• Your objective
Pictures excluded, copy every record that follows exactly as it appears.

===== Supplied information =====

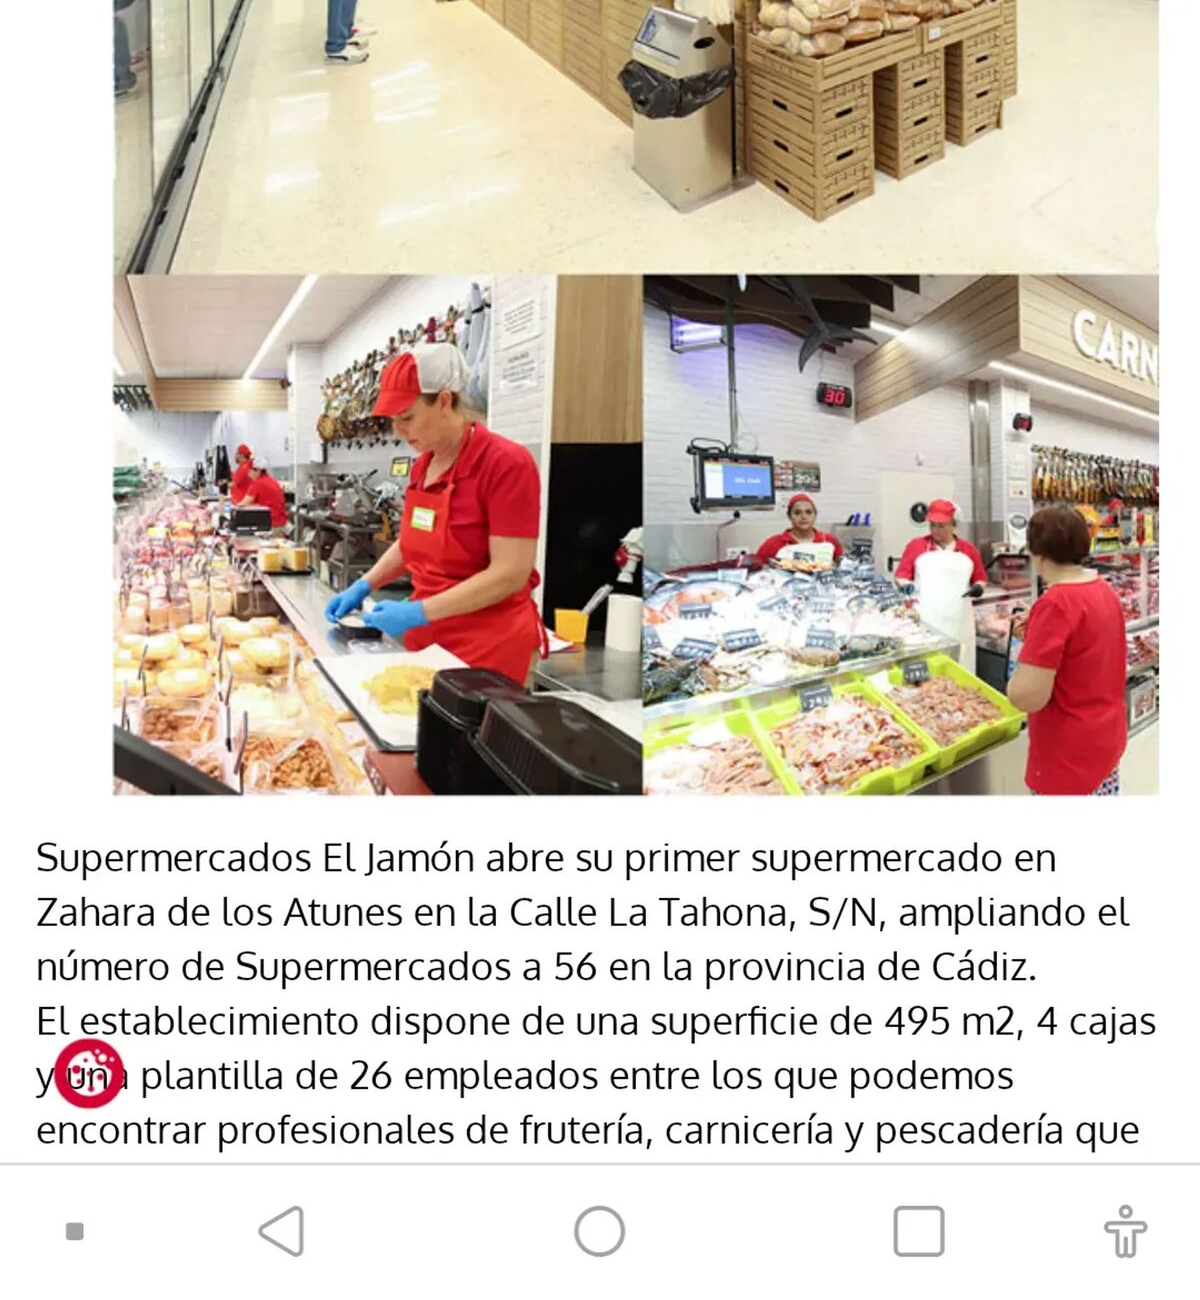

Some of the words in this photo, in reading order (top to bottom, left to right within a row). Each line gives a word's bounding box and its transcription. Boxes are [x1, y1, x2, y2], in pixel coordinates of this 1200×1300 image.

[1072, 308, 1159, 387] CARN
[824, 388, 846, 405] 30
[36, 841, 312, 882] Supermercados
[324, 841, 357, 873] El
[363, 839, 474, 877] Jamón
[486, 841, 565, 873] abre
[576, 849, 613, 873] su
[625, 842, 741, 882] primer
[751, 841, 1003, 882] supermercado
[1014, 849, 1056, 873] en
[36, 896, 155, 927] Zahara
[167, 896, 211, 927] de
[222, 896, 273, 927] los
[282, 897, 403, 927] Atunes
[414, 903, 456, 927] en
[468, 896, 497, 927] la
[510, 895, 597, 927] Calle
[610, 897, 647, 927] La
[658, 896, 796, 933] Tahona,
[809, 896, 886, 933] S/N,
[899, 895, 1086, 936] ampliando
[1097, 896, 1131, 927] el
[37, 948, 170, 982] número
[181, 950, 225, 981] de
[236, 950, 512, 990] Supermercados
[522, 958, 541, 982] a
[554, 951, 597, 981] 56
[609, 958, 651, 982] en
[663, 950, 692, 982] la
[705, 951, 865, 990] provincia
[877, 950, 921, 982] de
[932, 948, 1036, 982] Cádiz.
[38, 1004, 71, 1036] El
[80, 1004, 359, 1036] establecimiento
[370, 1004, 511, 1045] dispone
[522, 1004, 565, 1036] de
[576, 1012, 638, 1036] una
[651, 1004, 818, 1045] superficie
[829, 1004, 873, 1036] de
[884, 1005, 950, 1036] 495
[962, 1004, 1024, 1042] m2,
[1036, 1006, 1058, 1036] 4
[1069, 1006, 1157, 1045] cajas
[35, 1067, 55, 1099] y
[142, 1059, 283, 1099] plantilla
[295, 1059, 339, 1091] de
[350, 1059, 393, 1090] 26
[404, 1059, 599, 1099] empleados
[609, 1062, 700, 1090] entre
[712, 1059, 763, 1090] los
[774, 1067, 838, 1099] que
[850, 1059, 1014, 1099] podemos
[37, 1116, 207, 1145] encontrar
[218, 1113, 455, 1154] profesionales
[466, 1113, 509, 1145] de
[519, 1111, 653, 1150] frutería,
[665, 1112, 833, 1145] carnicería
[844, 1121, 865, 1154] y
[876, 1112, 1063, 1154] pescadería
[1075, 1121, 1140, 1154] que

=====

• Exercise solution
Some of the words in this photo, in reading order (top to bottom, left to right within a row). Each line gives a word's bounding box and its transcription. Boxes are [x1, y1, x2, y2], in pixel coordinates of this 1200×1300 image.

[1072, 308, 1159, 387] CARN
[824, 388, 846, 405] 30
[36, 841, 312, 882] Supermercados
[324, 841, 357, 873] El
[363, 839, 474, 877] Jamón
[486, 841, 565, 873] abre
[576, 849, 613, 873] su
[625, 842, 741, 882] primer
[751, 841, 1003, 882] supermercado
[1014, 849, 1056, 873] en
[36, 896, 155, 927] Zahara
[167, 896, 211, 927] de
[222, 896, 273, 927] los
[282, 897, 403, 927] Atunes
[414, 903, 456, 927] en
[468, 896, 497, 927] la
[510, 895, 597, 927] Calle
[610, 897, 647, 927] La
[658, 896, 796, 933] Tahona,
[809, 896, 886, 933] S/N,
[899, 895, 1086, 936] ampliando
[1097, 896, 1131, 927] el
[37, 948, 170, 982] número
[181, 950, 225, 981] de
[236, 950, 512, 990] Supermercados
[522, 958, 541, 982] a
[554, 951, 597, 981] 56
[609, 958, 651, 982] en
[663, 950, 692, 982] la
[705, 951, 865, 990] provincia
[877, 950, 921, 982] de
[932, 948, 1036, 982] Cádiz.
[38, 1004, 71, 1036] El
[80, 1004, 359, 1036] establecimiento
[370, 1004, 511, 1045] dispone
[522, 1004, 565, 1036] de
[576, 1012, 638, 1036] una
[651, 1004, 818, 1045] superficie
[829, 1004, 873, 1036] de
[884, 1005, 950, 1036] 495
[962, 1004, 1024, 1042] m2,
[1036, 1006, 1058, 1036] 4
[1069, 1006, 1157, 1045] cajas
[35, 1067, 55, 1099] y
[142, 1059, 283, 1099] plantilla
[295, 1059, 339, 1091] de
[350, 1059, 393, 1090] 26
[404, 1059, 599, 1099] empleados
[609, 1062, 700, 1090] entre
[712, 1059, 763, 1090] los
[774, 1067, 838, 1099] que
[850, 1059, 1014, 1099] podemos
[37, 1116, 207, 1145] encontrar
[218, 1113, 455, 1154] profesionales
[466, 1113, 509, 1145] de
[519, 1111, 653, 1150] frutería,
[665, 1112, 833, 1145] carnicería
[844, 1121, 865, 1154] y
[876, 1112, 1063, 1154] pescadería
[1075, 1121, 1140, 1154] que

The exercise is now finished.